Materials and methods: The apoptotic effect of (5Z)-7-oxozeaenol on MDA-MB-231 cancer cells was analyzed by cell flow cytometry. The effects of (5Z)-7-oxozeaenol on the expression of the nuclear factor kappa B (NF-κB) p65, p50, IκB kinase (IKKα), IKKβ and caspase-7 were analyzed by western blot. The expression of intracellular reactive oxygen species (ROS) and effects on cell adhesion were also assessed. Cell viability was determined using the 3[4,5-dimethylthiazol-2-yl-]2,5-diphenyl tetrazolium bromide (MTT) assay.
Results: (5Z)-7-Oxozeaenol down-regulated NF-κB in a dose-dependent manner. Intracellular levels of ROS increased in a dose-dependent manner when treated with (5Z)-7-oxozeaenol and potentiated in the presence of H(2)O(2), when compared to paclitaxel which was used as positive control. Treatment with (5Z)-7-oxozeaenol resulted in G1-phase arrest of treated cells and inhibition of cell proliferation. Cell adhesion was notably affected in treated cells. (5Z)-7-Oxozeaenol also significantly enhanced apoptosis of treated cells, through the activation of caspase-7.

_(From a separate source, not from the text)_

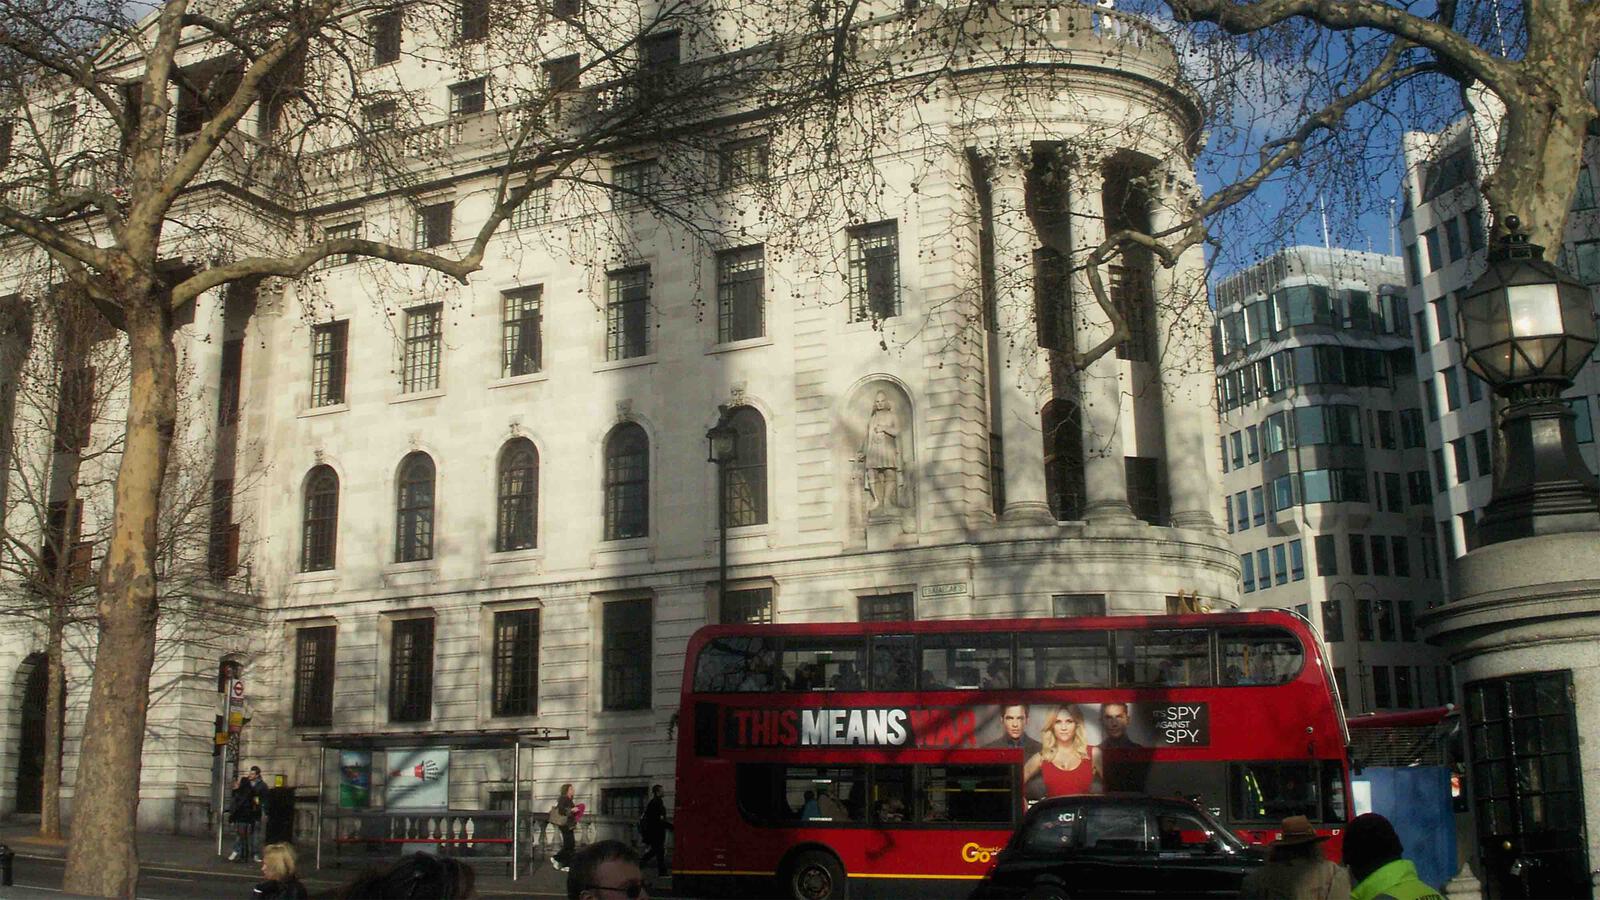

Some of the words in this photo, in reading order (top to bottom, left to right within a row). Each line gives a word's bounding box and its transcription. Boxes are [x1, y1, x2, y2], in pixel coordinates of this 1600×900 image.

Conclusion: Our findings suggest that (5Z)-7-oxozeaenol is a potent up-stream inhibitor of the NF-κB pathway, enhances the sensitivity of treated cells to apoptosis induced by ROS, and affects cell adhesion of MDA-MB-231 breast cancer cells. Thus, (5Z)-7-oxozeaenol is a potential new lead for breast cancer drug development since it might, in combination therapy, enhance the efficacy of current treatments and reduce resistance to chemotherapy of triple negative breast cancer.